Tutorial

Oct 14, 2024

An Alternative to OpenAI Realtime API for Voice Capabilities

Michael Louis

Founder & CEO

The recent launch of OpenAI’s Realtime API has sparked excitement within the developer community, offering a unified solution that combines large language models (LLMs) and voice capabilities. While this is a significant advancement, we at Cerebrium, in collaboration with Rime, have developed an alternative solution that not only matches but surpasses the OpenAI offering in several crucial ways.

In this post, we’ll explore how Cerebrium and Rime provide an advanced, cost-effective, and flexible platform for implementing LLM + voice solutions. We’ll dive into the benefits of our approach over OpenAI’s Realtime API and how this partnership leverages the Pipecat framework from Daily to deliver an efficient and customizable solution for enterprises and developers.

You can play with a final demo of the implementation here and see the final code here

Cerebrium Setup

First let’s create a Cerebrium project. If you don’t have a Cerebrium account, you can create one by signing up here and following the documentation here to get set up.

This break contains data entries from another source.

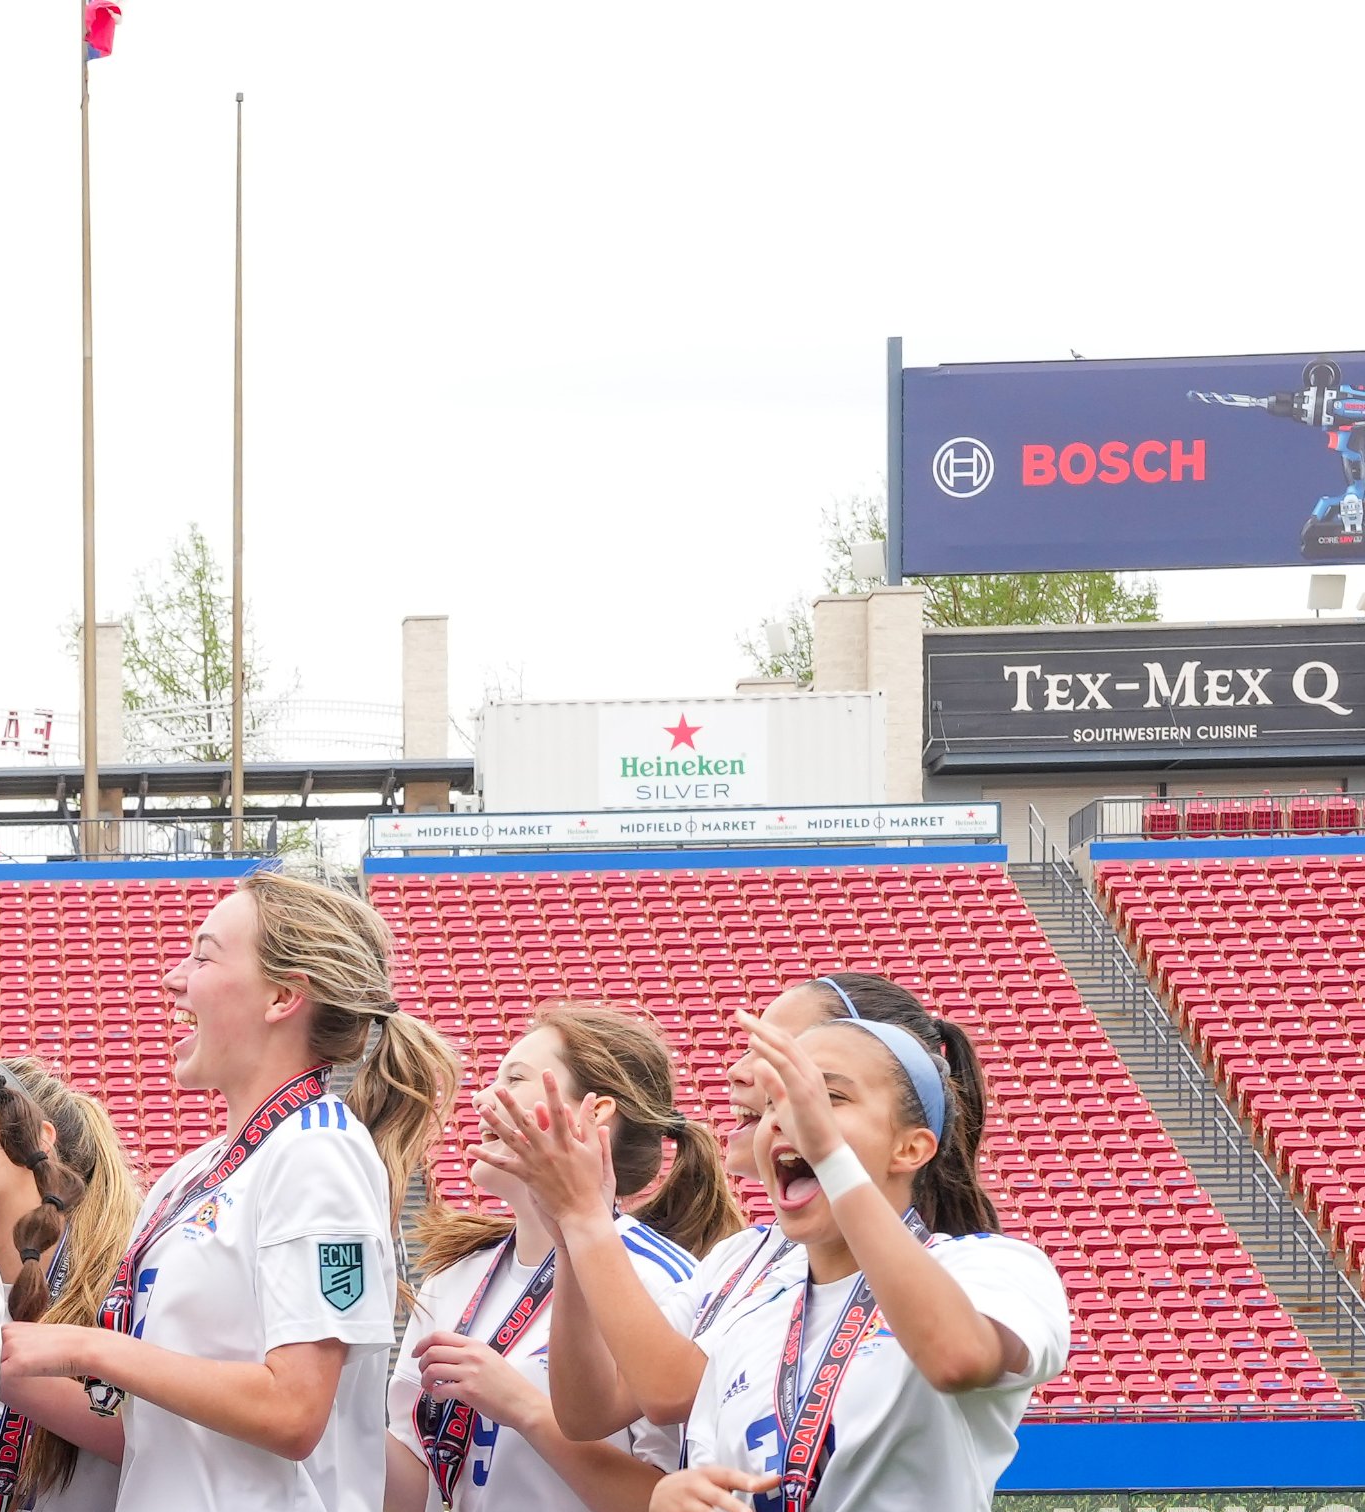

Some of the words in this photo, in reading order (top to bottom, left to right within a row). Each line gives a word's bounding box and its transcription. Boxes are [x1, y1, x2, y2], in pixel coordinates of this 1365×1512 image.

[1022, 440, 1206, 487] BOSCH
[1291, 660, 1354, 716] Q
[1072, 725, 1192, 744] SOUTHWESTERN
[1196, 723, 1258, 740] CUISINE
[620, 754, 745, 779] Heineken
[636, 783, 730, 800] SILVER
[418, 825, 479, 837] MIDFIELD
[498, 824, 553, 836] MARKET
[620, 821, 683, 833] MIDFIELD
[701, 820, 757, 832] MARKET
[807, 818, 870, 830] MIDFIELD
[890, 816, 945, 828] MARKET
[246, 1074, 321, 1145] DALLAS
[203, 1146, 247, 1190] CUP
[321, 1245, 361, 1266] ECNL
[497, 1295, 534, 1346] CUP
[788, 1364, 838, 1465] DALLAS
[830, 1305, 866, 1359] CUP

In your IDE, run the following command to create the Cerebrium starter project: cerebrium init openai-realtime-comparison. This creates two files:

  • main.py - Our entrypoint file where our code lives

  • cerebrium.toml - A configuration file that contains all our build and environment settings

Cerebrium is the underlying platform on which our entire application will run. As we go through the tutorial, we will edit the two files above as well as add additional files.

Daily Setup:

Daily provides developers with powerful APIs and SDKs to easily integrate realtime video and audio capabilities into their applications. Daily allows us to pick up the frames from a live stream.

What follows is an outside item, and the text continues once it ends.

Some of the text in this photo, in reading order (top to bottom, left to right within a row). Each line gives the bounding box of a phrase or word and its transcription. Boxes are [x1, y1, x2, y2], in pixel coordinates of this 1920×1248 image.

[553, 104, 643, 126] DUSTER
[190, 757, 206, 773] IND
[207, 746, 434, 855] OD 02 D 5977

If you don’t have a Daily account you can sign up for one here (they have a generous free tier). Next, get your Daily developer token from your profile to authenticate calls. Navigate to the “developers” tab to fetch your API key and add this to your Cerebrium Secrets.

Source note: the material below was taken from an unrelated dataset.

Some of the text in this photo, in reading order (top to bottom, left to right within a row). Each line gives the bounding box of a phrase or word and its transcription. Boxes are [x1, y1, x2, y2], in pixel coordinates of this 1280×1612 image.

Next we need to create the endpoints that create our Daily room that both us and our users can join - this is the live stream that we will monitor. You can look at the Daily Docs to see the options available to you. Create the following code in your main.py:

import requests
from cerebrium import get_secret

def create_room():
    url = "<https://api.daily.co/v1/rooms/>"
    headers = {
        "Content-Type": "application/json",
        "Authorization": f"Bearer {get_secret('DAILY_TOKEN')}"
    }
    data = {
        "properties": {
            "exp": int(time.time()) + 60*5, ##5 mins
            "eject_at_room_exp" : True
        }
    }

    response = requests.post(url, headers=headers, json=data)
    if response.status_code == 200:
        room_info = response.json()
        token = create_token(room_info['name'])
        if token and 'token' in token:
            room_info['token'] = token['token']
        else:
            print("Failed to create token")
            return {"message": 'There was an error creating your room', "status_code": 500}
        return room_info
    else:
        return {"message": 'There was an error creating your room', "status_code": 500}

def create_token(room_name: str):

    url = "<https://api.daily.co/v1/meeting-tokens>"
    headers = {
        "Content-Type": "application/json",
        "Authorization": f"Bearer {get_secret('DAILY_TOKEN')}"
    }
    data = {
        "properties": {
            "room_name": room_name,
            "is_owner": True,
        }
    }

    response = requests.post(url, headers=headers, json=data)
    if response.status_code == 200:
        token_info = response.json()
        return token_info
    else:
        print(f"Failed to create token: {response.status_code}")
        return None

Here we use the Daily Token to authenticate these requests. Later in the tutorial we will show you how to connect these API endpoints to our frontend repository.

OpenAI Realtime

First we will show you how you can implement the OpenAI Realtime API using the Pipecat framework to easily get an end-to-end voice bot created. At the time of writing, the OpenAI realtime implementation is still in a draft PR here but should be merged soon.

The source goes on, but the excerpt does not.